Hypophosphatemic vitamin D-resistant rickets, precocious puberty, and the epidermal nevus syndrome
R. Ivker, S. D. Resnick and R. A. Skidmore
Department of Dermatology, University of North Carolina at Chapel Hill, USA.
BACKGROUND: The association of multisystem pathologic conditions and
epidermal nevi, known as the epidermal nevus syndrome, includes disorders
of bone, central nervous system, eye, kidney, vasculature, body symmetry,
and skin. Rarely, vitamin D-resistant rickets has been observed in
association with this syndrome. Precocious puberty is another rare finding
associated with epidermal nevus syndrome, having been observed in 3
patients. OBSERVATION: A female infant with an extensive epidermal nevus,
hypophosphatemia, and precocious puberty is described.
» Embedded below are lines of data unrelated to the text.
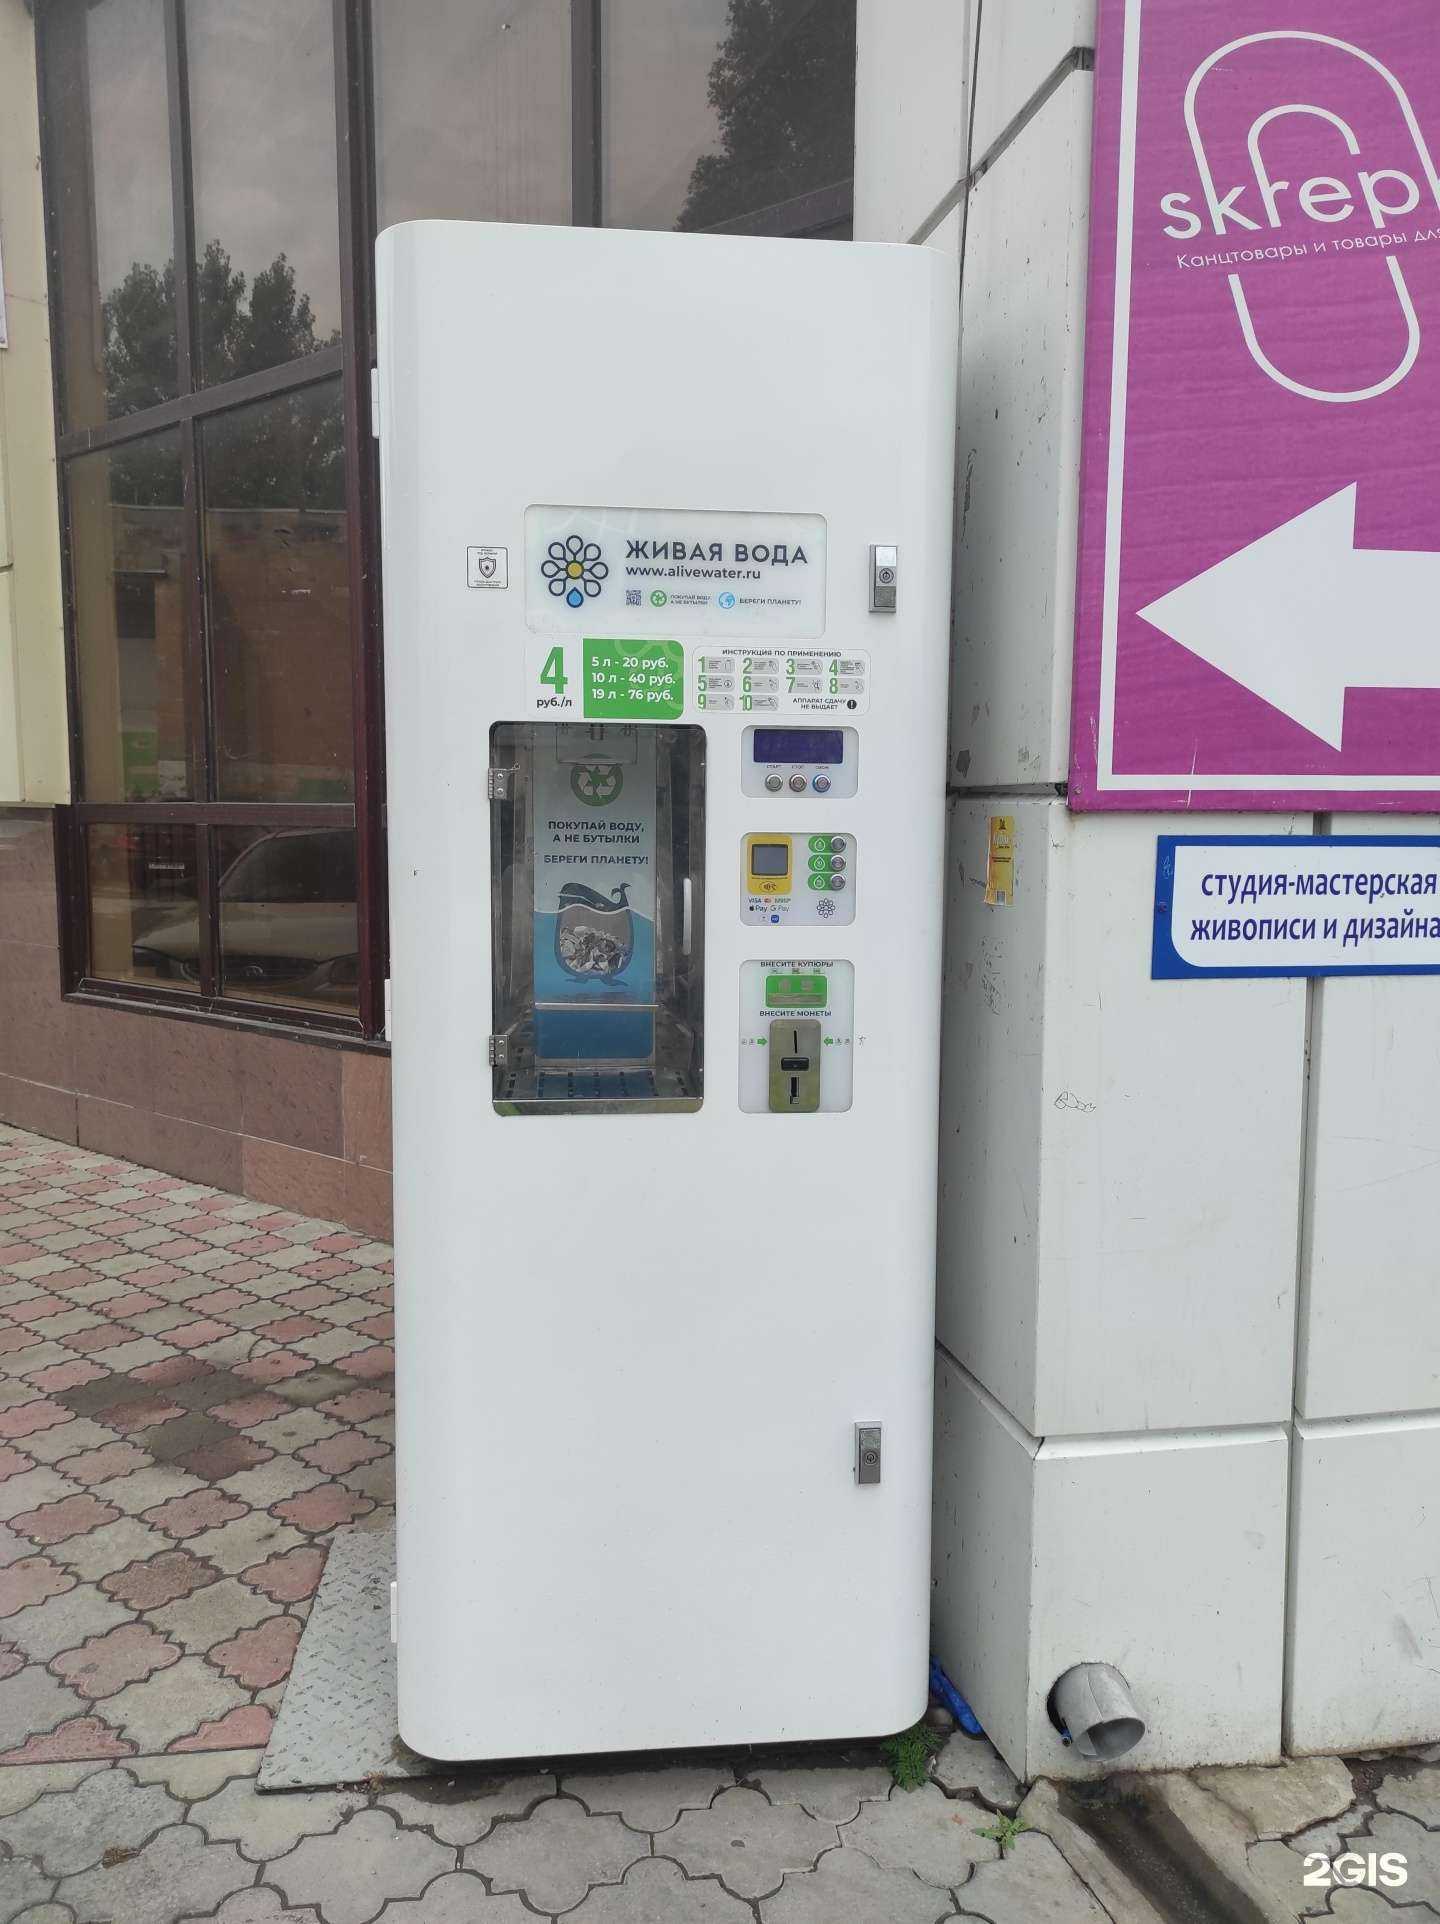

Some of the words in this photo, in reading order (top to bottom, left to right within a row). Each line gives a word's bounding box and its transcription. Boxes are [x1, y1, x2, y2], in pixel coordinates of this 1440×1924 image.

[1176, 241, 1308, 269] Канцтовары
[1313, 241, 1327, 253] и
[1332, 231, 1407, 251] товары
[626, 540, 723, 562] ЖИВАЯ
[735, 543, 808, 567] ВОДА
[626, 565, 761, 579] www.alivewater.ru
[540, 646, 568, 694] 4
[591, 656, 599, 667] 5
[602, 658, 611, 667] л
[622, 657, 639, 668] 20
[642, 656, 669, 670] руб.
[698, 656, 705, 673] 1
[743, 657, 753, 674] 2
[786, 658, 795, 675] 3
[829, 659, 839, 676] 4
[592, 672, 605, 683] 10
[608, 674, 617, 683] л
[628, 673, 646, 684] 40
[649, 673, 676, 686] руб.
[698, 675, 707, 692] 5
[743, 676, 752, 692] 6
[786, 676, 795, 694] 7
[829, 677, 839, 694] 8
[536, 696, 573, 709] руб./л
[592, 688, 605, 699] 19
[607, 690, 617, 699] л
[628, 689, 644, 700] 76
[646, 689, 674, 702] руб.
[698, 693, 707, 710] 9
[739, 694, 753, 711] 10
[548, 820, 606, 831] ПОКУПАЙ
[609, 822, 645, 833] ВОДУ,
[552, 834, 561, 843] А
[564, 834, 580, 843] НЕ
[583, 835, 640, 844] БУТЫЛКИ
[544, 854, 588, 864] БЕРЕГИ
[591, 855, 649, 865] ПЛАНЕТУ!
[1201, 873, 1438, 904] студия-мастерская
[1190, 917, 1316, 941] живописи
[1323, 918, 1337, 940] и
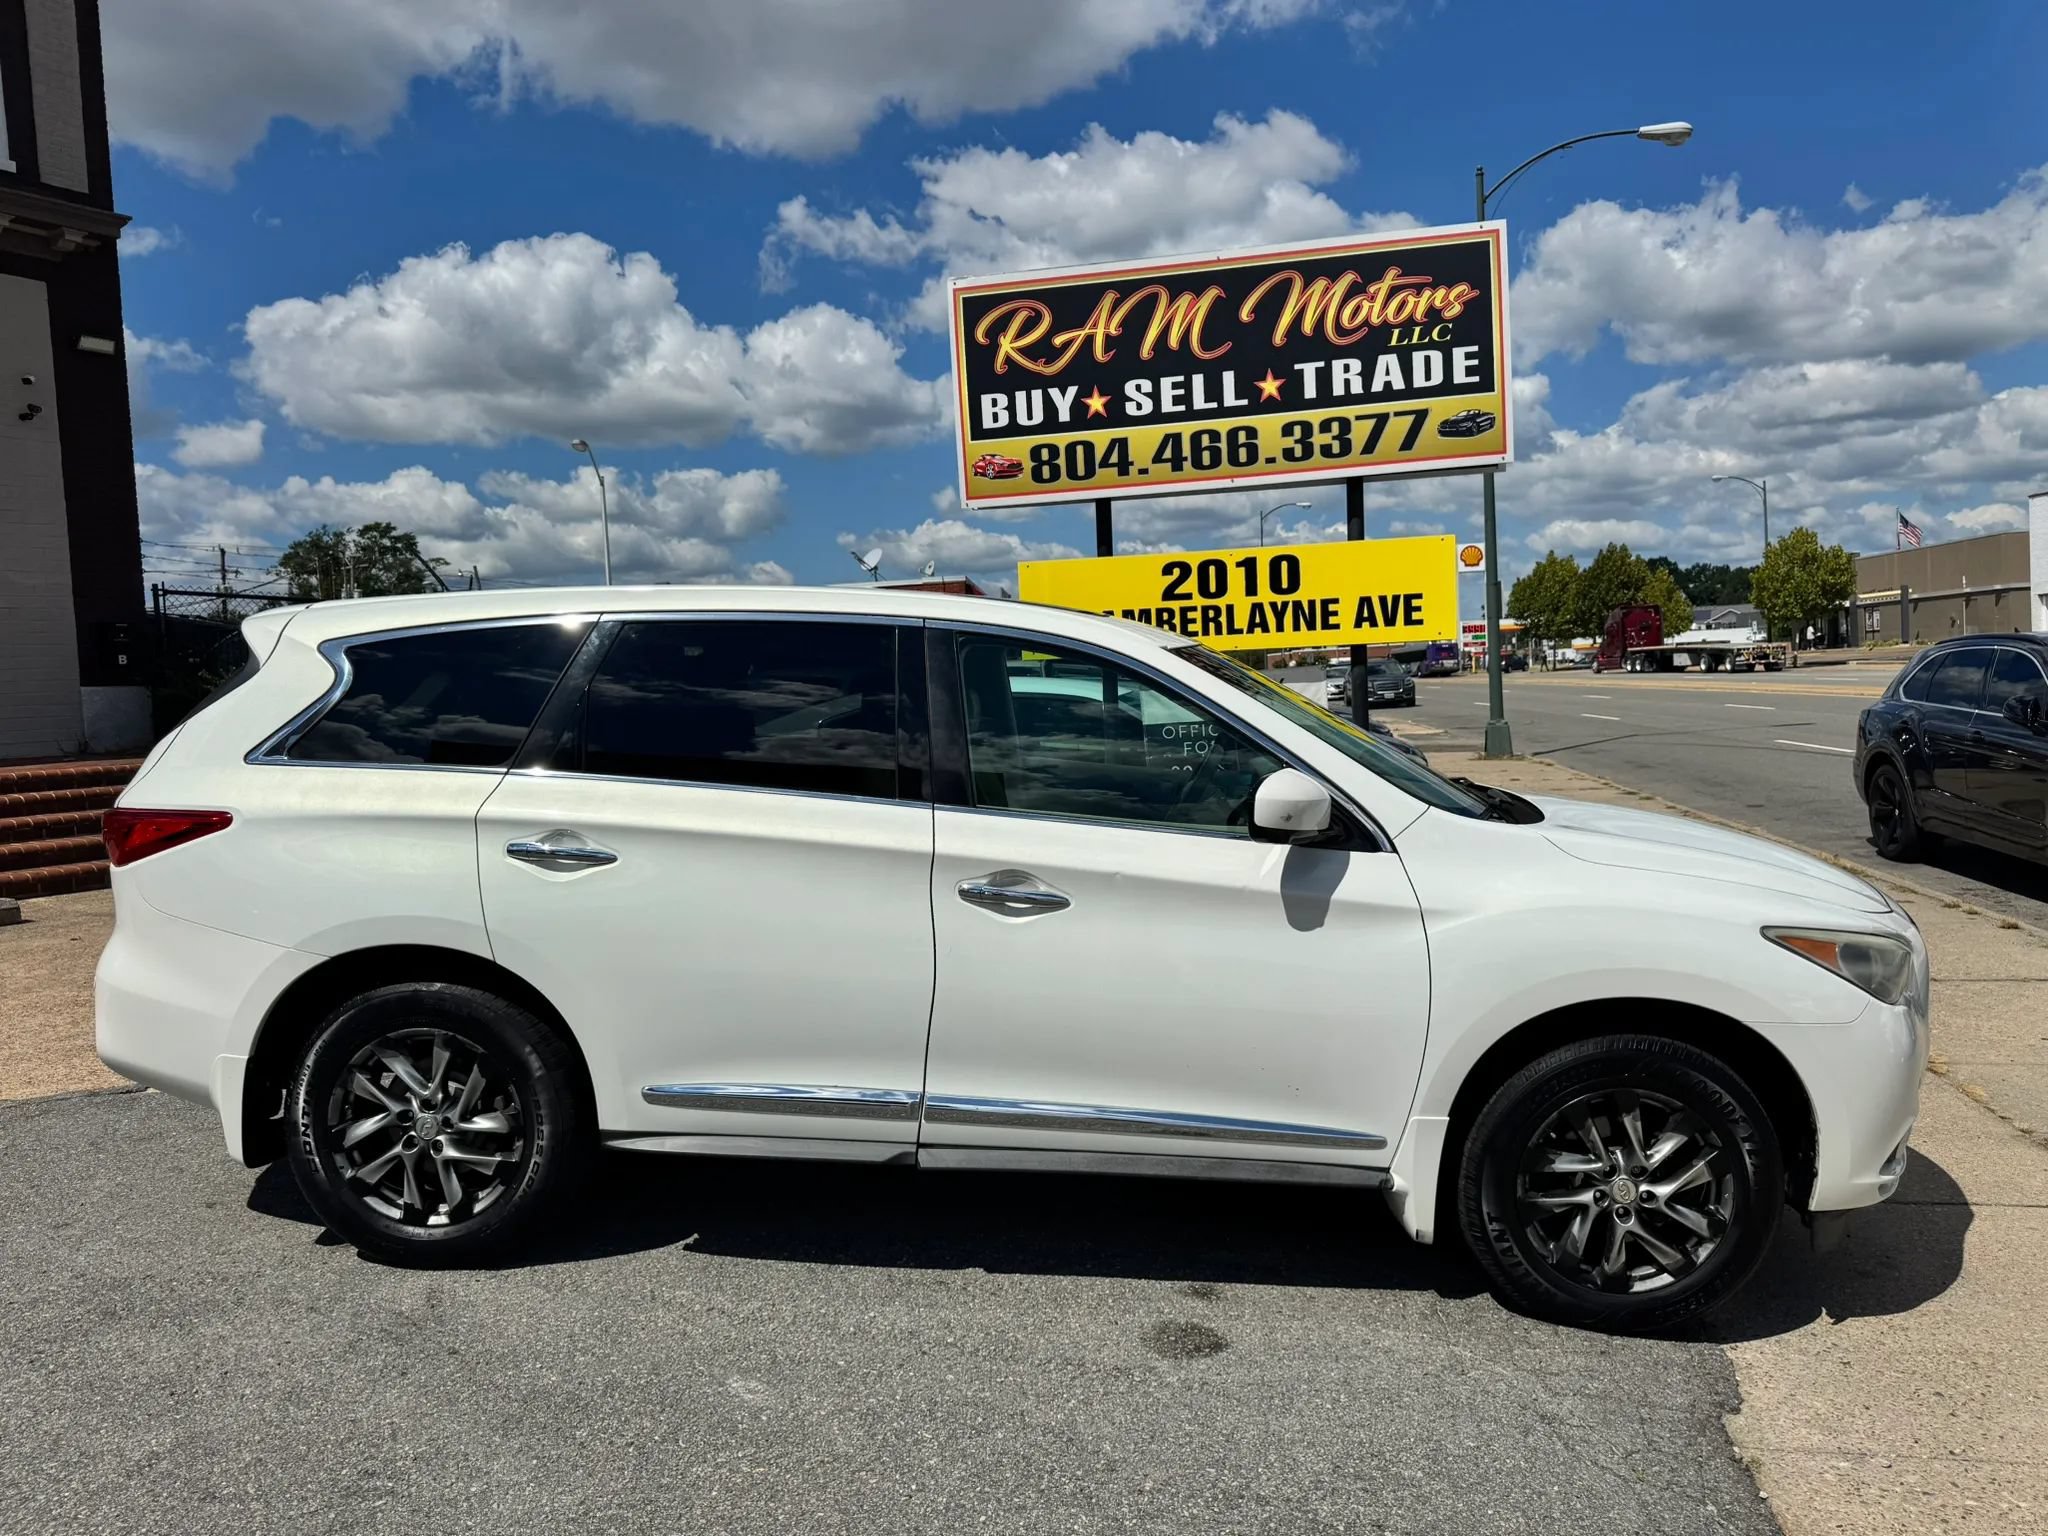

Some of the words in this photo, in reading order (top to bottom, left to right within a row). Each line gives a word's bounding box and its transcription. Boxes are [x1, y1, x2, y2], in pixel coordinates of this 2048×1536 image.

Despite medical
therapy, the patient's phosphate levels continued to be very low (0.87-0.97
mmol/L), establishing the diagnosis of hypophosphatemic vitamin D-resistant
rickets. At 21 months of age, areas of the nevus were excised. Laboratory
values obtained shortly after the operation showed a significant, but
transient, improvement in the serum phosphate level. After a second
excision, maintenance of her serum phosphate level in the range of 1.29 to
1.61 mmol/L was possible. CONCLUSIONS: There is evidence that epidermal
nevi produce a potent phosphaturic factor. We hypothesize that limited
excision debulked the nevus sufficiently to allow medical management of the
hypophosphatemia. Surgical intervention should be considered for patients
affected with vitamin D-resistant rickets with epidermal nevi. The cause of
the precocious puberty is unknown. It may be hypothesized that the nevus
released a factor that induced puberty.